● What you should do
Though the entries contain pictures, the copy you make should hold only the rest, exactly as written.

● Entries supplied

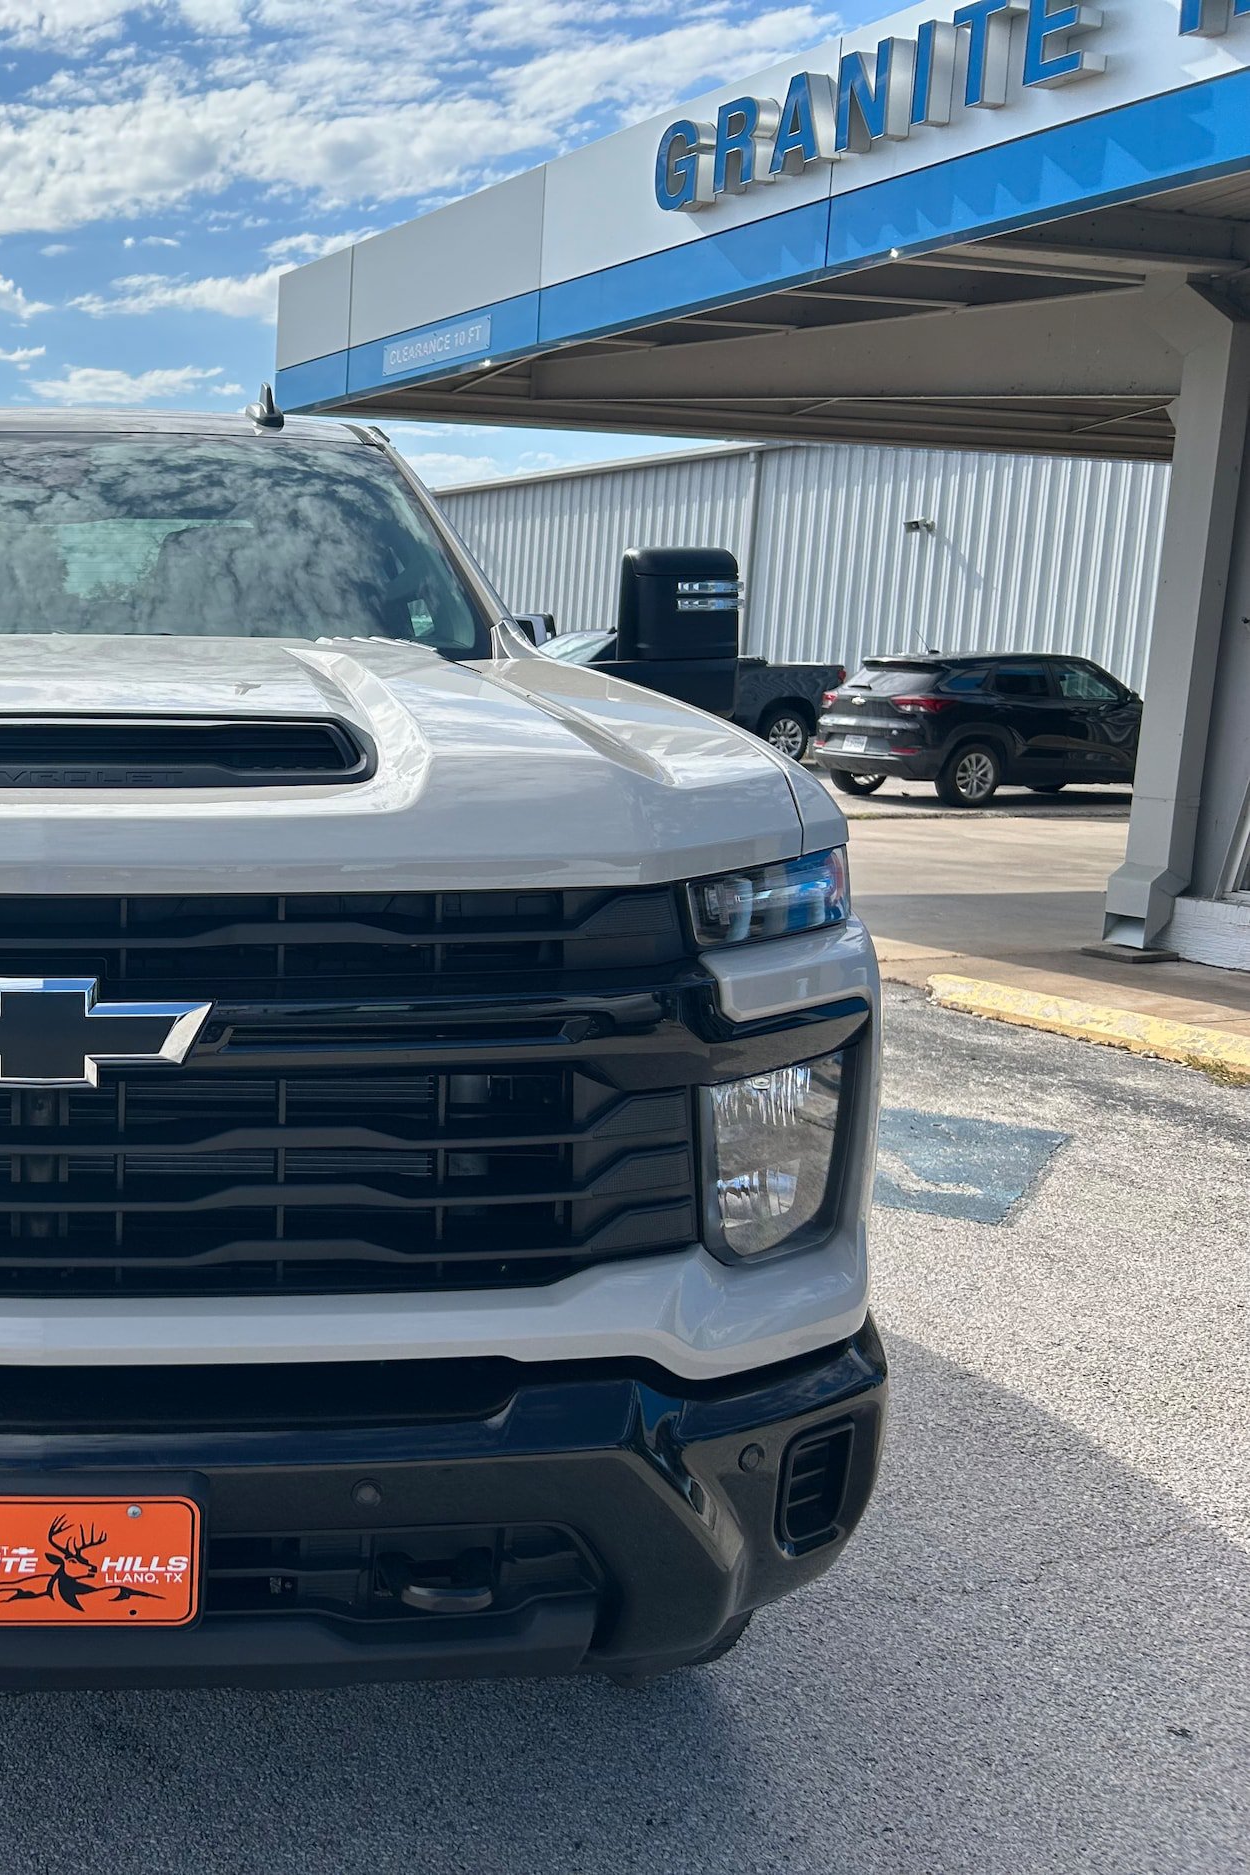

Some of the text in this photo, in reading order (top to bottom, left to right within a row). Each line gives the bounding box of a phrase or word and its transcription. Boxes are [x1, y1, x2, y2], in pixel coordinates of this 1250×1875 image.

[389, 325, 482, 366] CLEARANCE 10 FT
[101, 1556, 189, 1572] HILLS
[105, 1572, 183, 1585] LLANO, TX
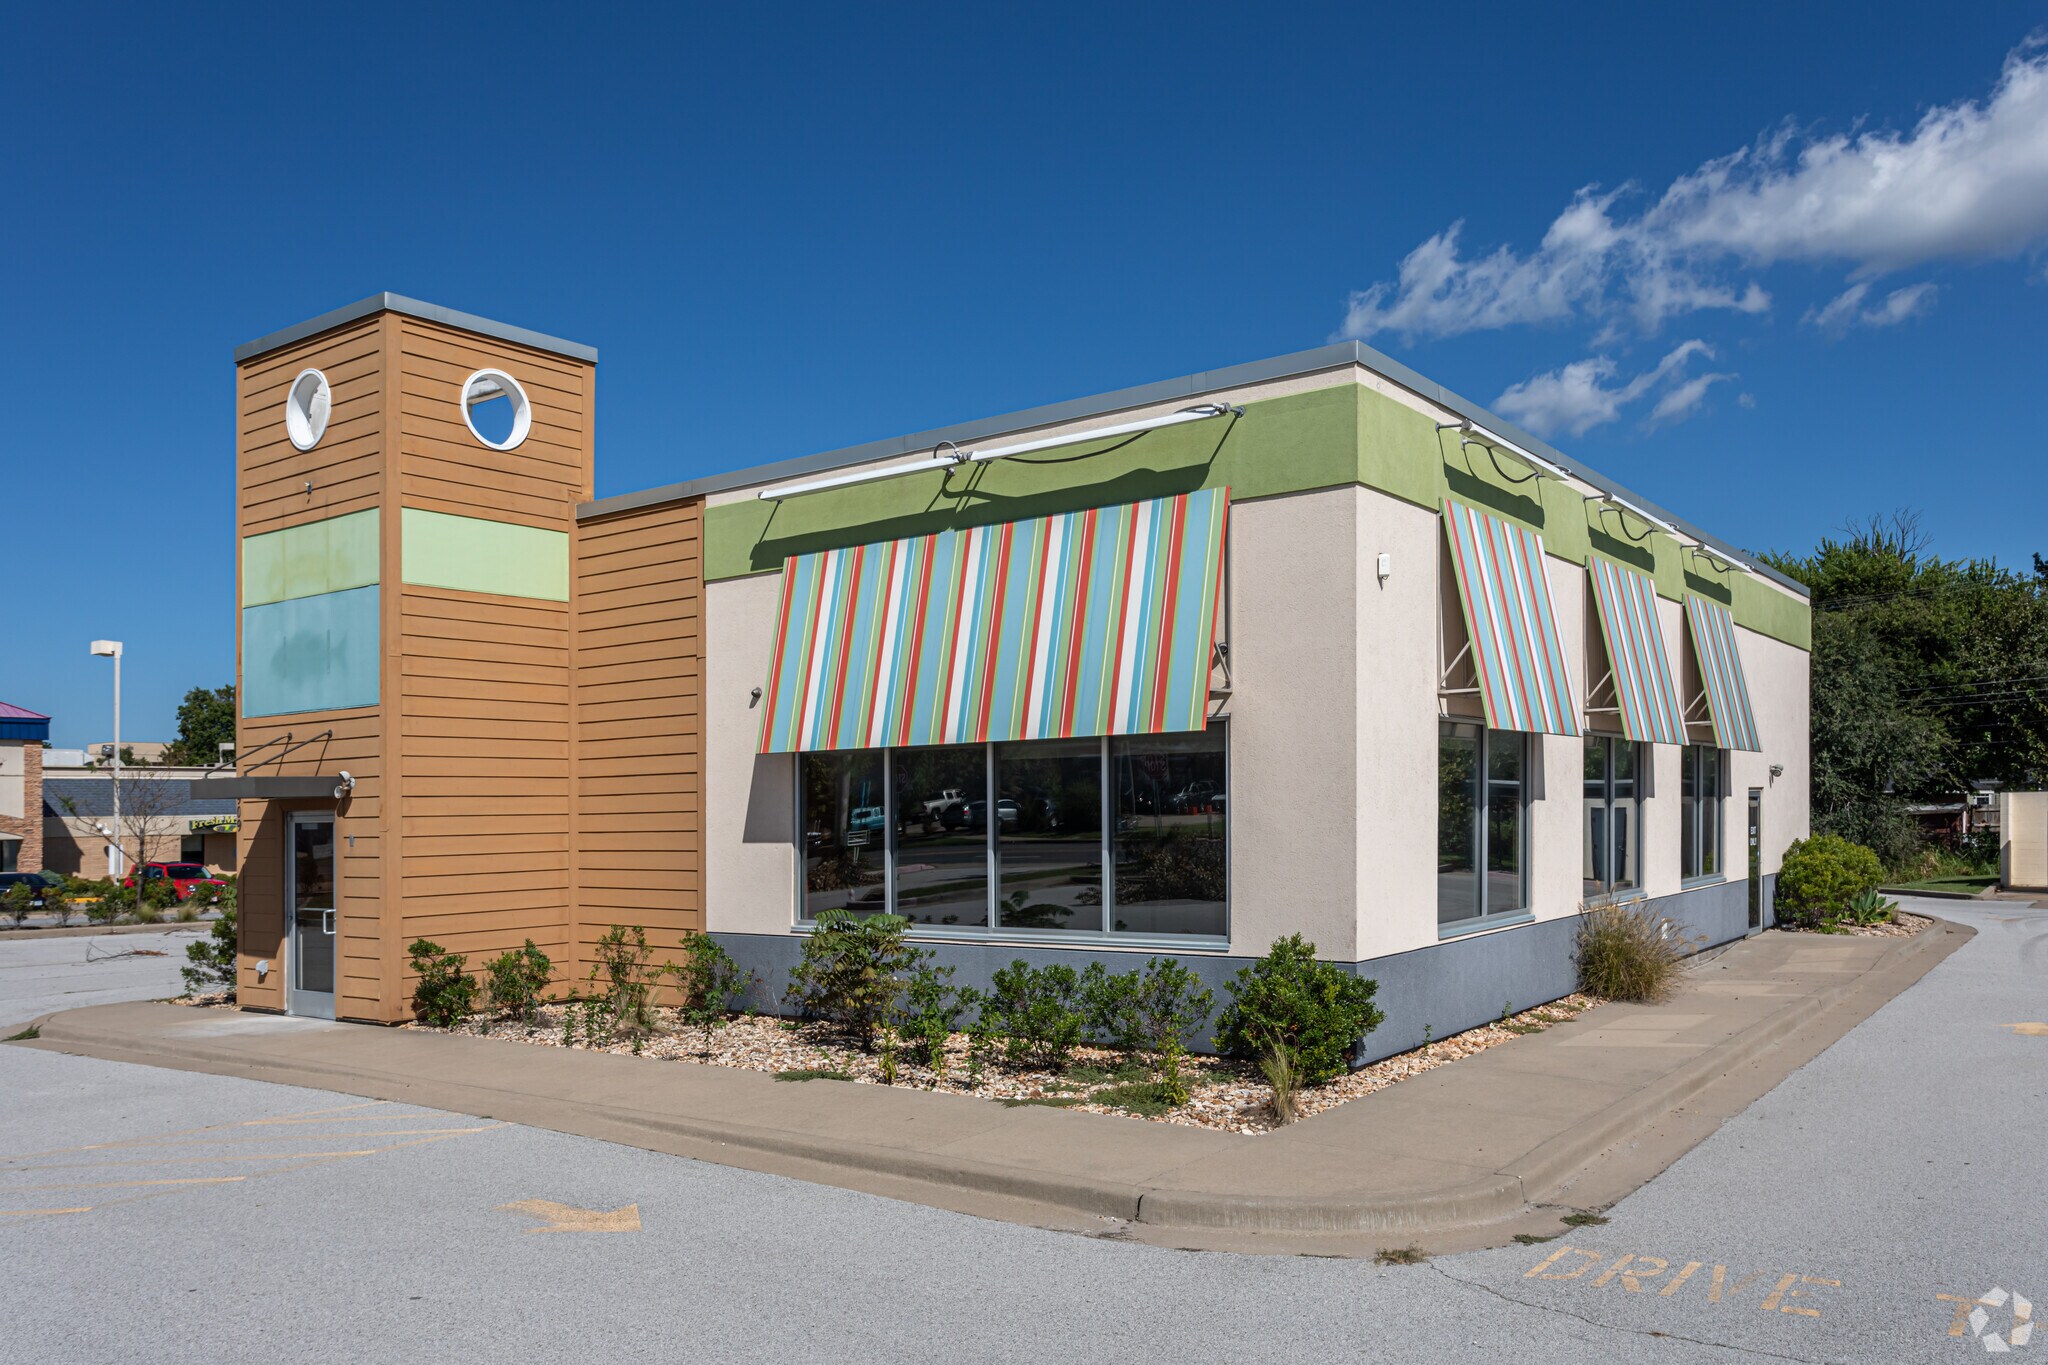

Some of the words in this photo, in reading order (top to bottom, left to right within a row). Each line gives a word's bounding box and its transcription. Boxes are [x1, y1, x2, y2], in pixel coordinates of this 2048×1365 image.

[191, 815, 222, 830] Fresh
[224, 815, 236, 824] M
[1523, 1245, 1841, 1318] DRIVE

● Reply to the task
Some of the text in this photo, in reading order (top to bottom, left to right within a row). Each line gives the bounding box of a phrase or word and its transcription. Boxes are [x1, y1, x2, y2], in pixel coordinates of this 1250×1875 image.

[389, 325, 482, 366] CLEARANCE 10 FT
[101, 1556, 189, 1572] HILLS
[105, 1572, 183, 1585] LLANO, TX

Some of the words in this photo, in reading order (top to bottom, left to right within a row). Each line gives a word's bounding box and its transcription. Boxes are [x1, y1, x2, y2], in pixel coordinates of this 2048×1365 image.

[191, 815, 222, 830] Fresh
[224, 815, 236, 824] M
[1523, 1245, 1841, 1318] DRIVE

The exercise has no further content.